It would have been consoling to believe that the desperate experience of some elderly patients at Mid Staffordshire NHS Foundation Trust, where visitors notoriously reported relatives so parched that they had resorted to drinking water out of flower vases, was an isolated example of a badly run institution. Instead, those revelations brought forth a torrent of horror stories. Mid Staffs, it seemed, was not so unusual after all.
Around the same time, The Independent's Christina Patterson was gaining her own distinctly mixed experience of NHS hospitals, where the nursing care veered from the compassionate and excellent to the ignorant and downright cruel. In the past few months, she has set out to try to find out how far there was a crisis in NHS nursing; and if there was, why it had come about and what could be, and was being, done about it. Today, and the rest of the week, we are printing her reports and conclusions from the front line of nursing.
As she writes, a common response to patients' poor experience of nursing care has been to call for the clocks to be turned back to a time when matron and starch-ed caps and aprons ruled. But this is too simplistic a remedy. Times have changed, and nursing has had to change with them. Nurses need far more knowledge and technical expertise than they once did. The requirement for them to have a more academic education is not, in itself, misplaced, but the concentration on this aspect may have had knock-on effects elsewhere. Nor is this all that may have contributed to the shortcomings so widely observed. There have been changes in society, in education and in job opportunities for women, all of which play a part.
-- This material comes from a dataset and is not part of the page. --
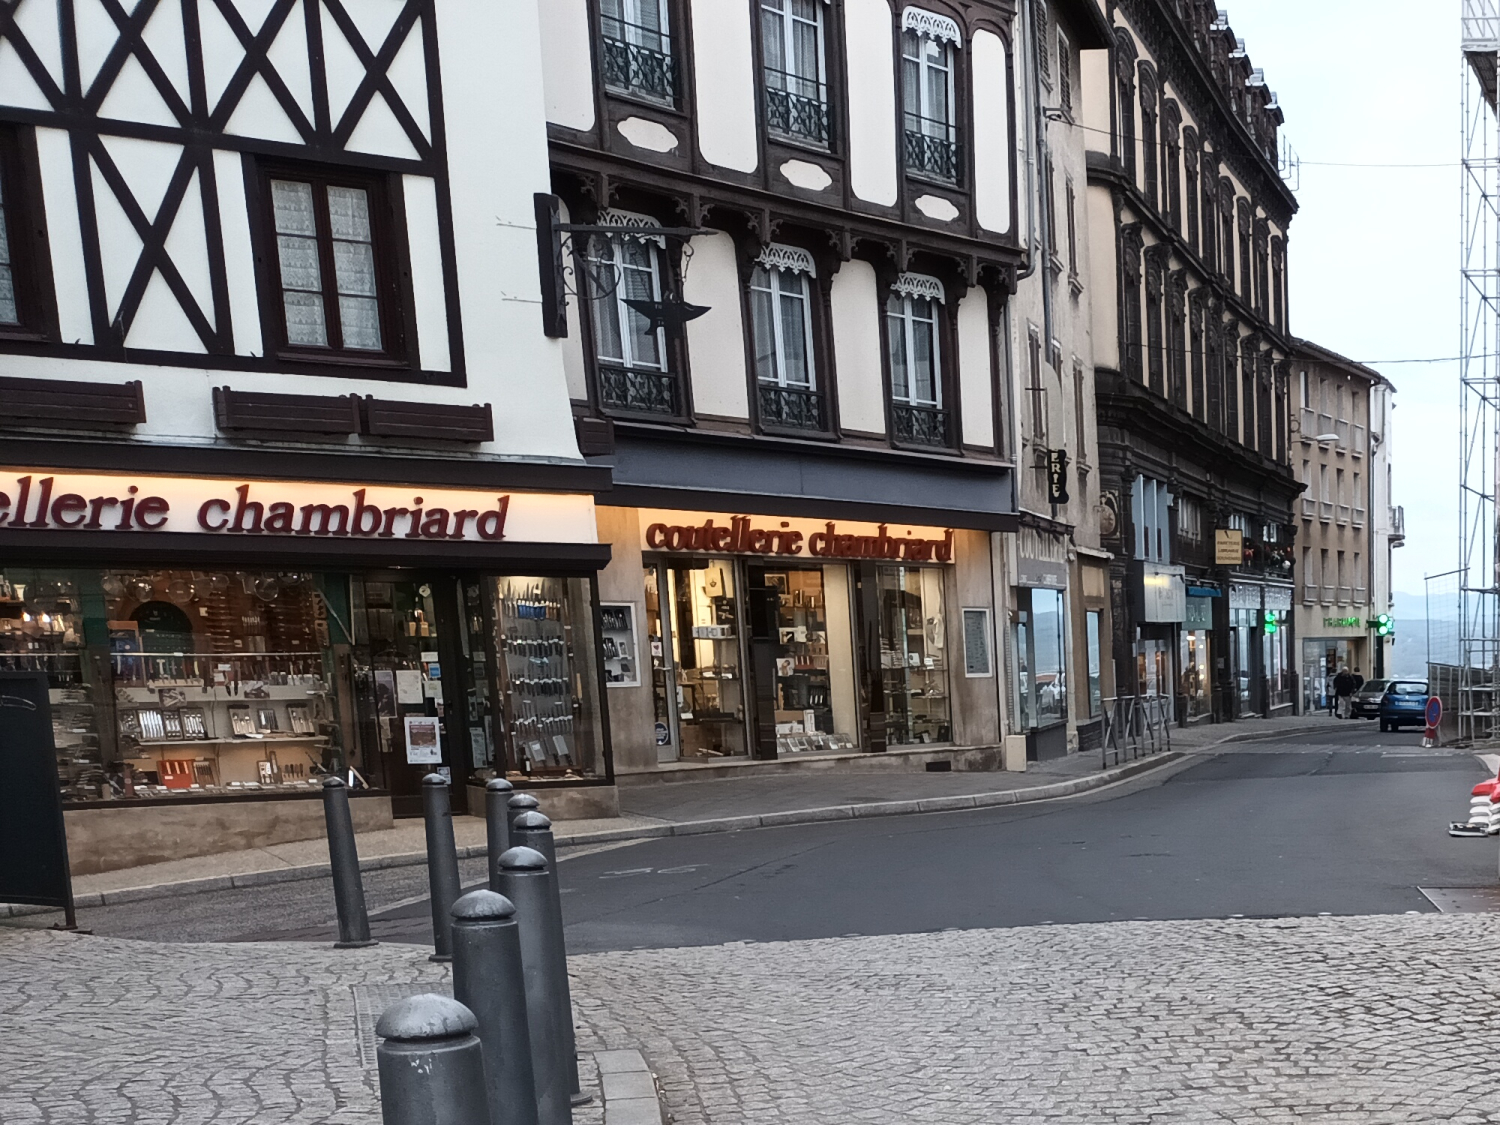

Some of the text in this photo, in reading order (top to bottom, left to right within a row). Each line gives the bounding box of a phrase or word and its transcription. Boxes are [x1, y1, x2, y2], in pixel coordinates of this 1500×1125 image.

[197, 483, 510, 540] chambriard
[646, 515, 954, 562] coutellerie chambriard
We try to pinpoint here not just what has been going so wrong – about which there is, when it comes down to it, much agreement – but what is going right, and how the best experience can be replicated. For all the distressing complaints about bad practice, there are many excellent nurses and many inspirational examples. And because the picture is so varied, so must be the solutions. This is not a problem where a single lever can be adjusted and everything rectifies itself overnight.
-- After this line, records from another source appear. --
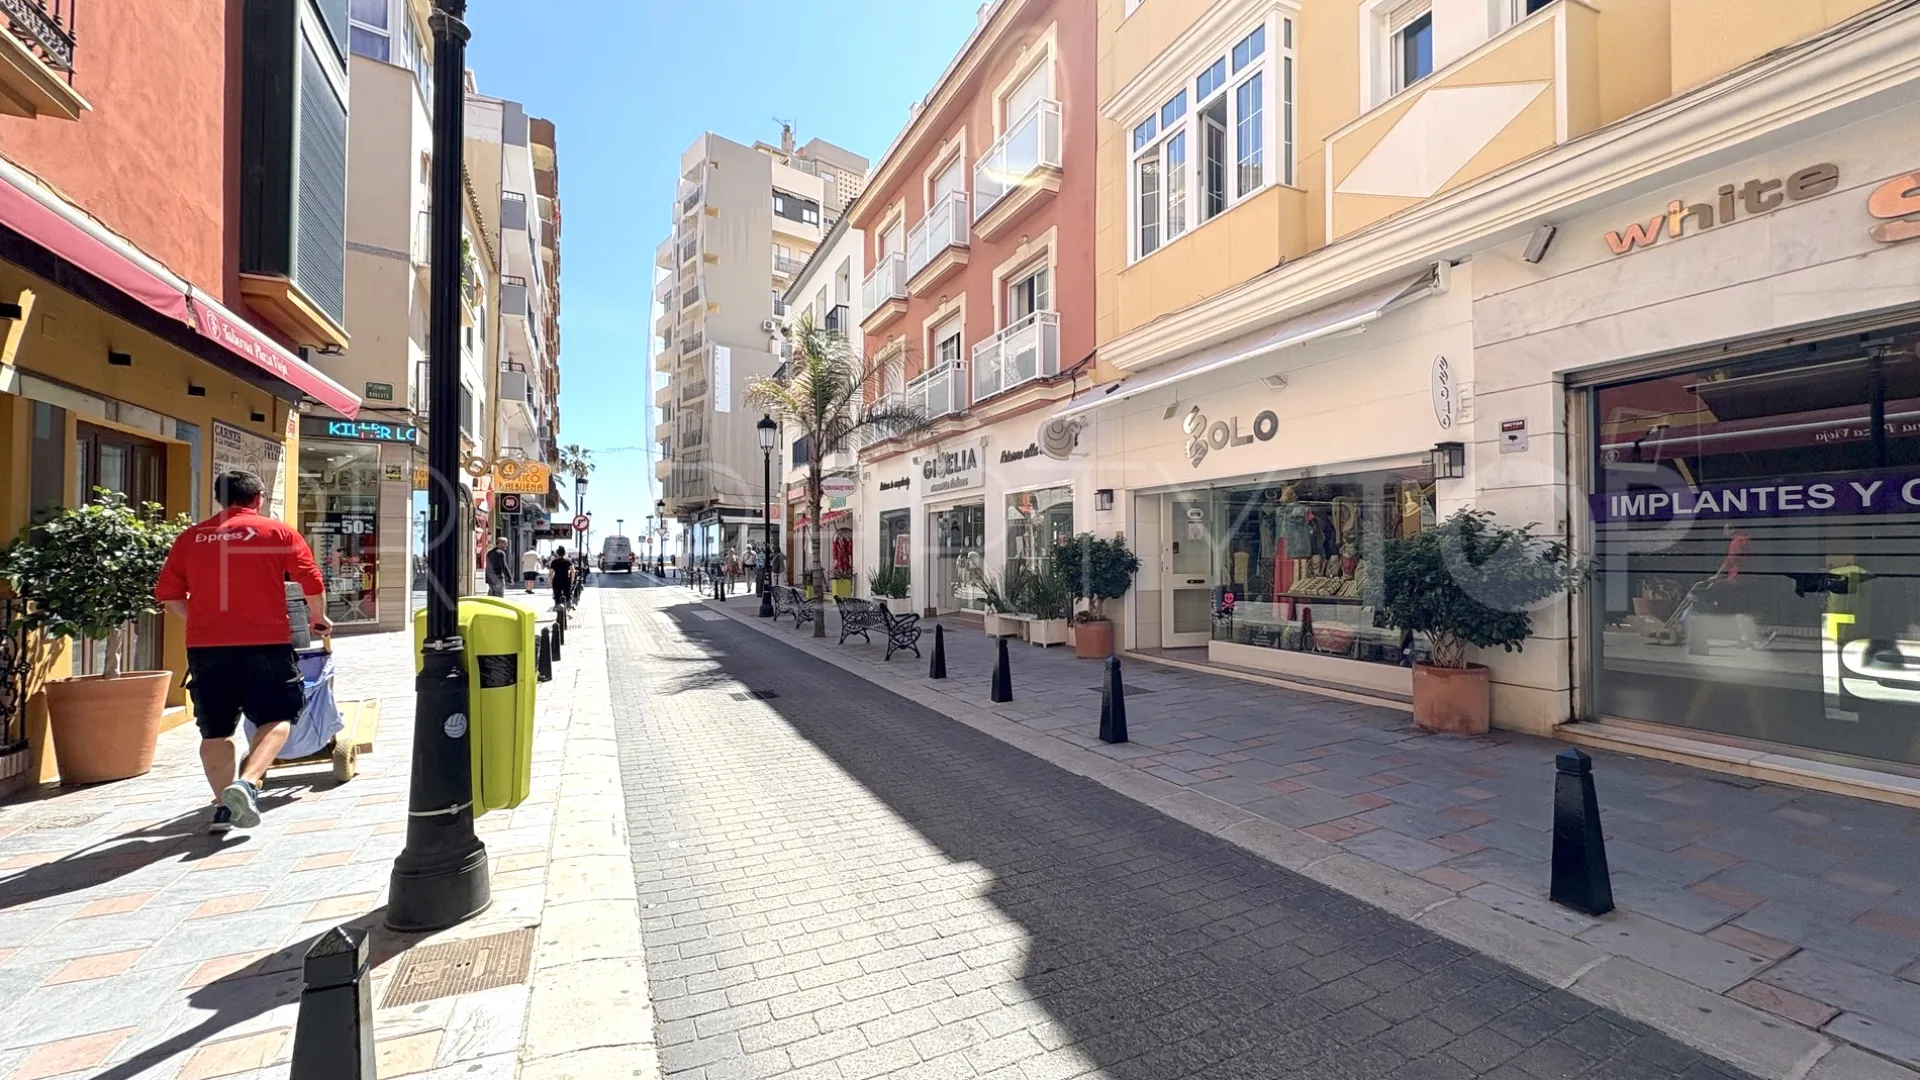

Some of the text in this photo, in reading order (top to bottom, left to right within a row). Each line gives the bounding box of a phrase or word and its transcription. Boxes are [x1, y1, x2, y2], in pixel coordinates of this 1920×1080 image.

[1604, 163, 1839, 255] white
[222, 323, 253, 355] Taberna
[254, 342, 274, 367] Plaza
[214, 424, 241, 443] CARNES
[1611, 480, 1836, 517] IMPLANTES
[1850, 481, 1884, 508] Y
[195, 531, 243, 543] Express
Much is already being done to try to address the most glaring deficiencies. Some poor hospitals have turned themselves round with spectacular success. Good leadership is crucial to nursing, as it is to so many other institutions. So, too, though is consistency. And while the very many good nurses may find it insulting that so much focus in official reports and in the media is on the bad, it is only by identifying what is wrong that more will be made to go right.
Special report: A crisis in nursing
* Day One: Six operations, six stays in hospital – and six first-hand experiences of the care that doesn't care enough
* Christina Patterson: More nurses, better paid than ever – so why are standards going down?
* Leading article: What can and should be done about nursing
* Day Two: Reforms in the 1990s were supposed to make nursing care better. Instead, there's a widely shared sense that this was how today's compassion deficit began. How did we come to this?
* Day Three: How can a profession whose raison d'être is caring attract so much criticism for its perceived callousness? Does nursing need to be managed differently? Or is the answer to develop a new culture of compassion?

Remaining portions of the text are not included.